Engineering Genetic Codes

Somewhat recently I blogged about a paper¹ under the headline "The Most Interesting Paper I've Ever Read." I settled on that title because of the stunning ingenuity of the authors' approach and because rewiring the genetic code is an exciting and worthy goal. When I approached that earlier blog post I failed to appreciate how much work had already been done in incorporating non-standard amino acids into proteins, which I'll give a brief treatment.

What Isaacs et al. (2011)—"the most interesting paper I've ever read"—offered was a way to eliminate one codon from the genetic code. The genetic code is an ordered list, a cipher, where three nucleotides of DNA/RNA information can be translated into a single amino acid. Since there are four nucleotides and three positions in the code, the genetic code can accommodate 4³, or 64 messages. Living organisms only use 21 messages: 20 amino acids plus one message that means "stop." Despite that, cells use all 64 positions in the code. We call the genetic code degenerate because multiple code words mean the same thing (TAA, TAG, and TGA all mean "stop," for example).

The main goal we want to reach by engineering the genetic code is to incorporate non-standard amino acids into proteins. Cells only use 20 amino acids, all left-handed, whereas chemists can synthesize a much broader suite in the lab. In order to incorporate non-standard amino acids into proteins, you have to incorporate it into the organism's genetic code by assigning it a codon. If we work within the existing (degenerate) genetic code, the only choice is to pick a codon to assign doubly since all 64 combinations are already assigned. Even with this limitation it's possible to incorporate non-standard amino acids into the genetic code². Though not ideal, this approach still works surprisingly well. We have a good understanding of how tRNAs—the molecules that actually translate the genetic code—work. Labs working in this area have been able to build tRNAs that suppress the amber stop codon (TAG), the least frequently used codon, by instead incorporating a non-standard amino acid. Thus, when the suppressor tRNA reads TAG it suppresses the stop message by instead incorporating a non-standard, 21st amino acid.

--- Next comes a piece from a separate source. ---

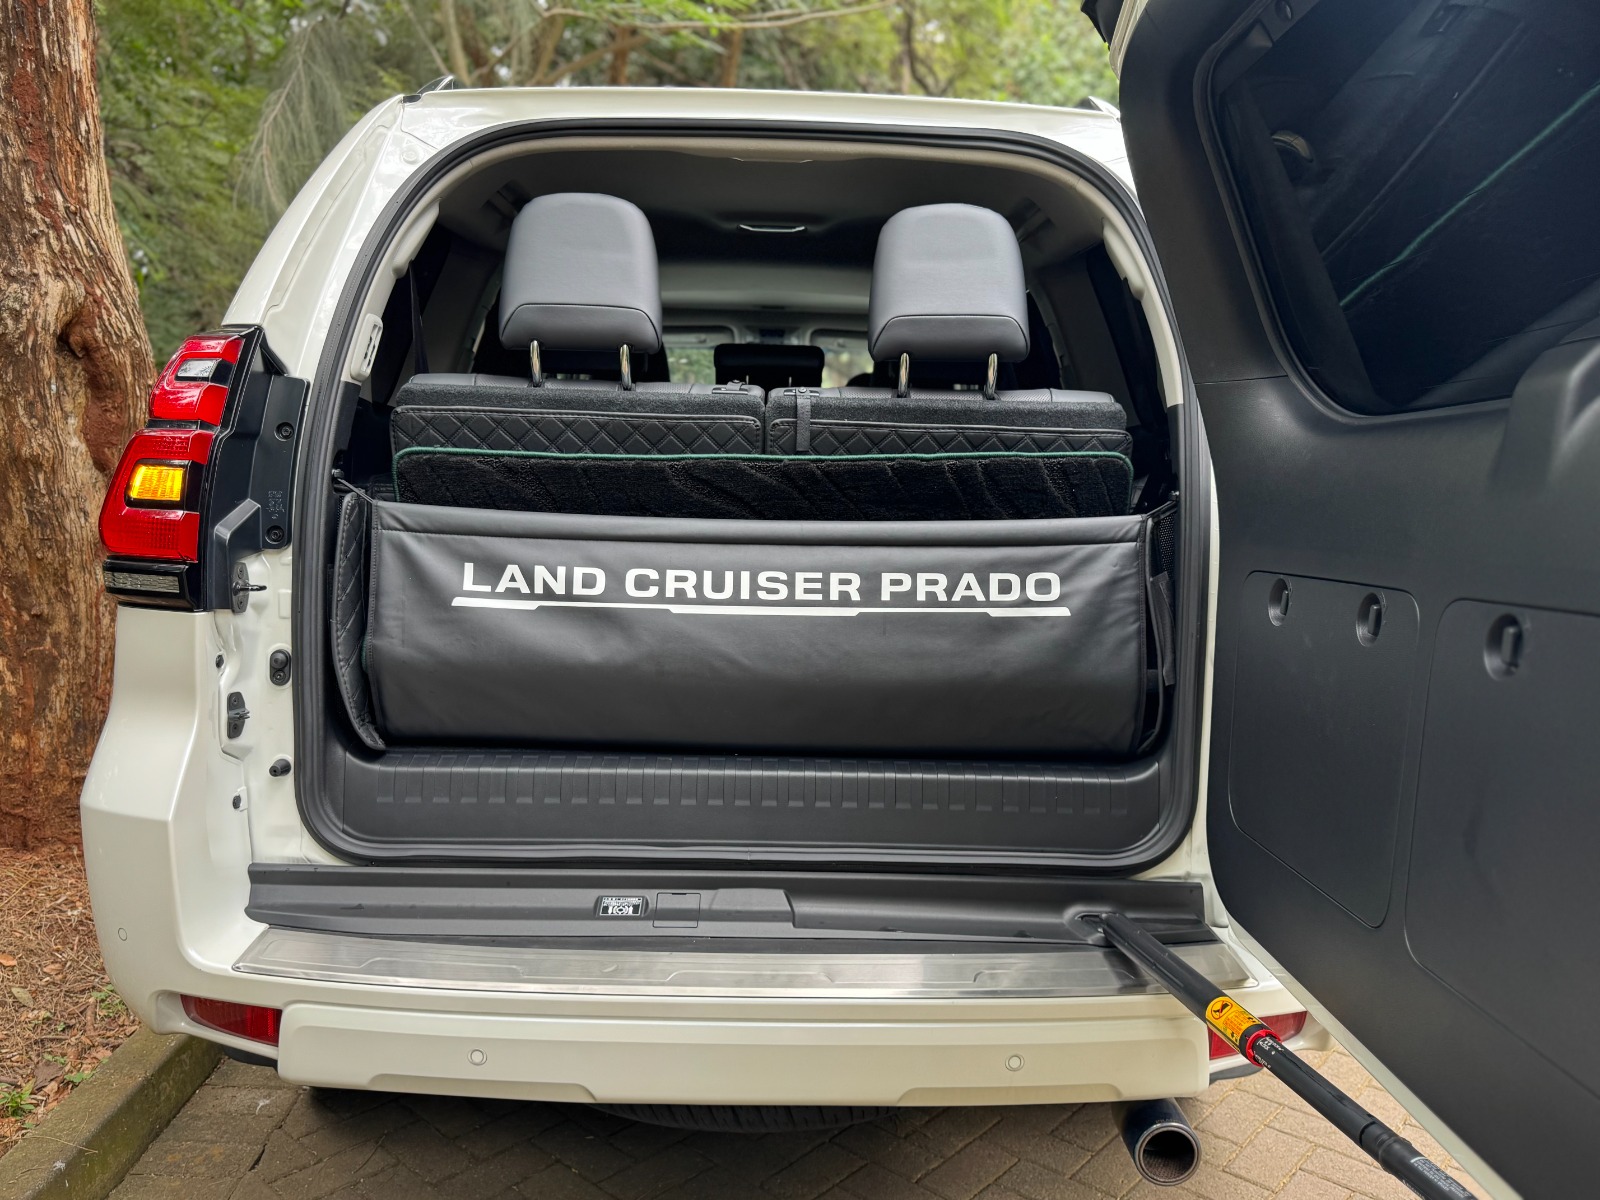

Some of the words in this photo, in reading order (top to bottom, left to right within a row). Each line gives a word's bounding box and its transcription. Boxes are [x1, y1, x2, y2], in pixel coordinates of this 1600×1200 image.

[462, 561, 607, 596] LAND
[624, 566, 861, 602] CRUISER
[880, 571, 1062, 602] PRADO

Using methods like this, biologists have successfully incorporated a wide variety of exotic amino acids into host genetic codes². Using our knowledge of biochemistry, we can use these new amino acids to study protein structure and function in the test tube and more excitingly, living cells. For example, some synthetic amino acids are fluorescent by nature. Using fluorescence to study proteins in cells has become immensely popular thanks to green fluorescent protein (GFP). The gene coding for GFP can be fused to another protein gene, so that the (relatively small) GFP molecule hangs off the side of the other protein. The GFP, and therefore your protein of study, is wherever you see green spots. The down side is that, though small for a protein, the GFP might interfere with the function of the other protein. Replacing a single amino acid of the protein with a synthetic, fluorescent amino acid is a very attractive alternative since proteins fold with rather high fidelity, so a single (educated) amino acid substitution is unlikely to make any difference. The amino acid at right, above, has already served this purpose².

A more practical application of this technology has been to incorporate amino acids with novel chemical tricks². For instance some synthetic amino acids are very good at chelating metal ions (at right, bottom image). Many natural proteins are already able to accomplish this, but by creating a pocket of several amino acids—often not near one another within the protein sequence—with a proper charge to bind the ion. Since we have a very poor ability to predict protein folding, we can instead call on amino acids that individually have this property. As our knowledge improves, we can use this technology to refine the chemical reactions that take place within living cells that synthetic biology may well provide. Fairly recently an exciting first step has even been made in engineering the genetic code of an animal, every developmental biologist's best friend Caenorhabditis elegans³. Who knows what's next?

Image Credits: Created using PubChem Sketcher; structures listed in Xie & Schultz (2006)

References:

1. Isaacs, F. J. et al. Precise Manipulation of Chromosomes in Vivo Enables Genome-Wide Codon Replacement. Science 333, 348–353 (2011).

2. Xie, J. & Schultz, P. G. A Chemical Toolkit for Proteins-An Expanded Genetic Code. Nature Reviews Molecular Cell Biology 7, 775–782 (2006).

3. Greiss, S. & Chin, J. W. Expanding the Genetic Code of an Animal. Journal of the American Chemical Society. Published online 8 August 2011.